Hai visto? PON e corsi di coding nelle scuole, fondi UE non sempre utilizzati pienamente

La scuola, nucleo fondamentale di ogni società moderna e democratica, resta al centro di diverse iniziative europee con relativi cospicui finanziamenti. Il tutto sotto forma di progetti utili ed interessanti, che permetterebbero all’istruzione del nostro Paese di fare un salto di qualità, migliorando e diversificando anche l’offerta dei programmi scolastici. Tuttavia, non sempre, come vedremo, questi fondi UE sono utilizzati pienamente dalle scuole italiane.

Obiettivo di tali risorse economiche sono vari progetti destinati al mondo dell’istruzione, dalla digitalizzazione all’edilizia scolastica, passando poi per la sempre più diffusa formazione sul coding. Paradossalmente però, nonostante fondi europei cospicui ed iniziative validissime ed utili, gli istituti scolastici italiani non sempre li utilizzano e li trasformano in attività concrete. Insomma, tra PON e corsi di coding o altre attività, il nostro sistema scolastico fa molte rinunce.

I fondi dell’Unione Europea ed il loro mancato utilizzo

Gli stanziamenti da utilizzare attraverso il Programma Operativo Nazionale Istruzione 2014 – 2020 o PON Scuola si attestano a circa 2,85 miliardi di Euro, di cui 1,6 provenienti dall’Europa con il Fondo di Sviluppo Regionale e il Fondo Sociale. Denaro che potrebbe essere utilizzato dalle migliaia di istituti scolastici italiani in una miriade di progetti.

Si pensi ad esempio a corsi di coding, una disciplina che si sta diffondendo a livello internazionale e che permetterebbe agli studenti di sviluppare il pensiero computazionale ed accrescere le loro competenze logiche, utili sia per la scuola che per il lavoro.

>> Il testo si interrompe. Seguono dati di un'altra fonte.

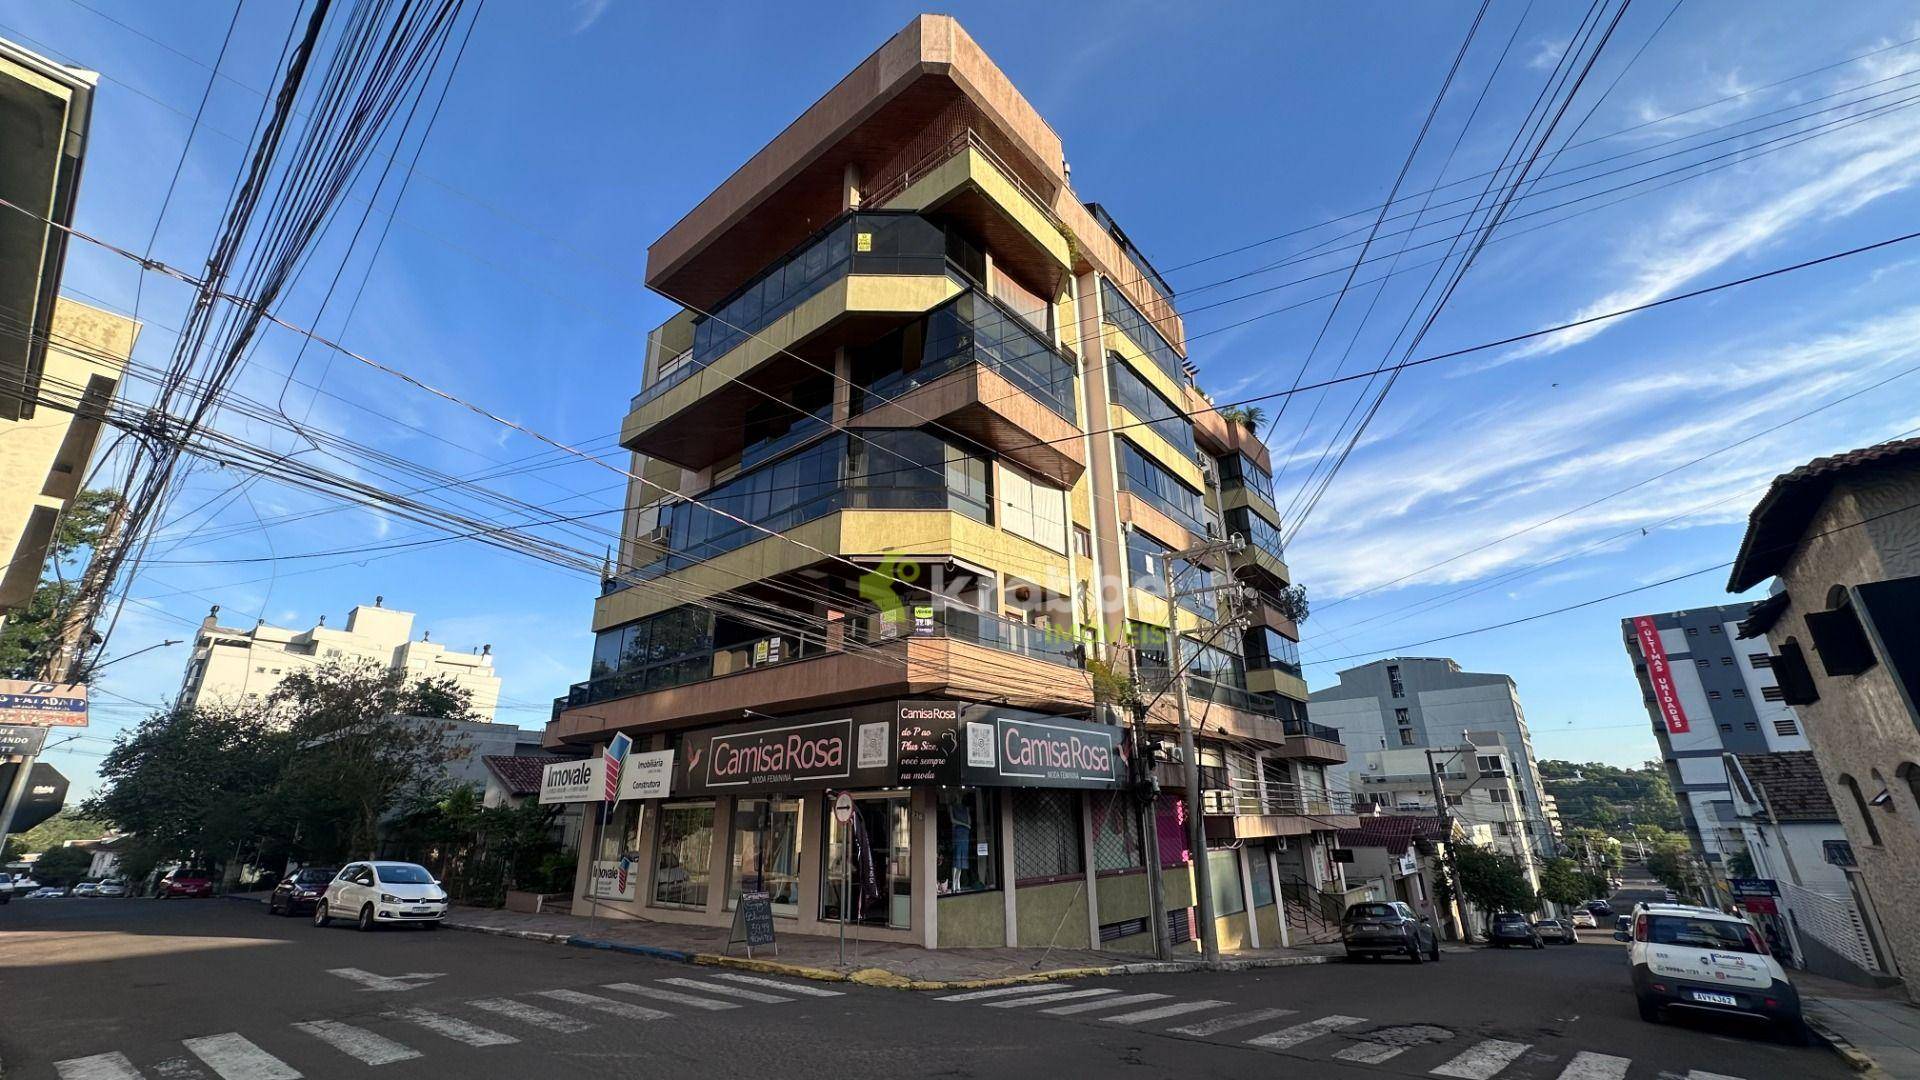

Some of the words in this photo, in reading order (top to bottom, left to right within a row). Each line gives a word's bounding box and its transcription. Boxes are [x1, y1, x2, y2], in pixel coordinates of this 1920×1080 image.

[1643, 628, 1664, 673] ÚLTIMAS
[1658, 677, 1683, 728] UNIDADES
[901, 740, 919, 751] Plus
[637, 758, 664, 770] Imobiliária
[901, 756, 919, 765] você
[920, 758, 946, 768] sempre
[547, 763, 592, 788] Imovale
[751, 775, 766, 784] MODA
[767, 773, 791, 783] FEMININA
[901, 772, 912, 780] na
[913, 770, 936, 780] moda
[632, 780, 661, 790] Construtora

Tuttavia, gli istituti spesso sono costretti a rinunciare a fondi e progetti per mancanza di personale nelle proprie segreterie e all’iter troppo burocratico e complesso (anche del sistema di rendicontazione) degli stessi piani.

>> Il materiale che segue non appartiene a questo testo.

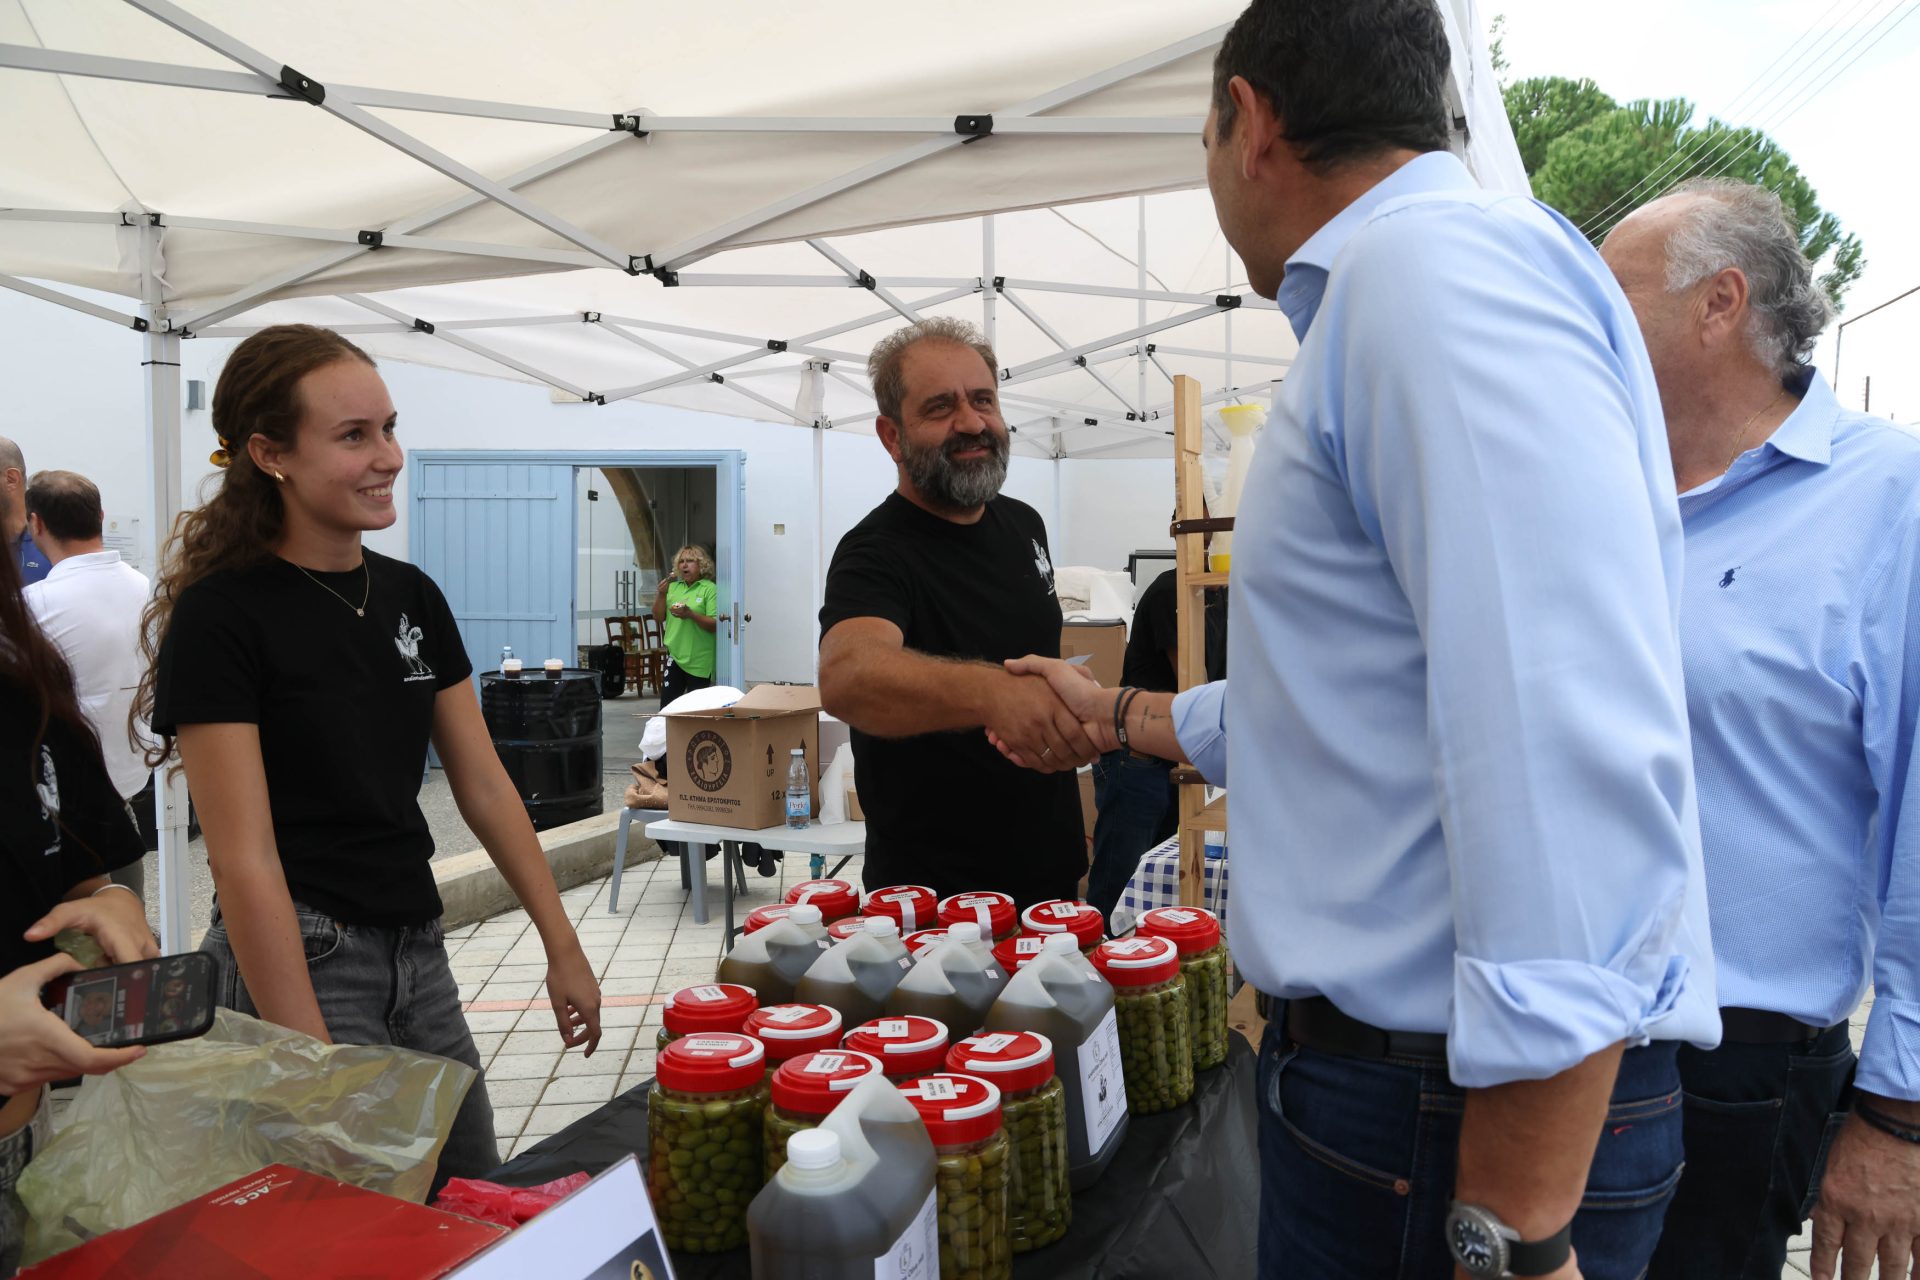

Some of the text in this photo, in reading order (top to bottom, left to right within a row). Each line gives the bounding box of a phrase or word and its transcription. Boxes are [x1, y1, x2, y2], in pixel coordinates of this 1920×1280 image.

[767, 769, 775, 777] UP
[771, 790, 780, 801] 12
[234, 1185, 270, 1206] ACS

Progetti e fondi non sempre effettivamente utilizzati

Le iniziative presentate ed autorizzate dal Ministero dell’Istruzione (Miur) sono oltre 47.000 e destinate anche a crescere ulteriormente, tuttavia per le ragioni sopra menzionate le rinunce sono pure tante. A livello prettamente numerico, la media nazionale di queste si attesta sul 4%, con picchi attorno al 10% nelle regioni Veneto e Piemonte, mentre Umbria e Sardegna si fermano rispettivamente all’8,73% e al 6,48%.

Numeri che evidenziano una situazione italiana paradossale: il nostro Paese è il secondo beneficiario di fondi Ue ma tra i peggiori utilizzatori degli stessi, sia a livello di quantità che di qualità della spesa. Sempre a livello di dati, quello della scuola comunque rappresenta uno dei comparti che meglio sfrutta queste risorse.

In particolare, il PON Scuola ha utilizzato il 18% delle risorse stanziate a fine 2018, rispetto ad una media del 23%, molto meglio però di altri settori o programmi nazionali, quali la Governance (con il 15%), la Legalità (13%) e Ricerca ed Innovazione (ferma al 12%). Importanti risorse ed iniziative che, nell’istruzione come in altri ambiti, se sfruttati realmente potrebbero favorire lo sviluppo del Paese.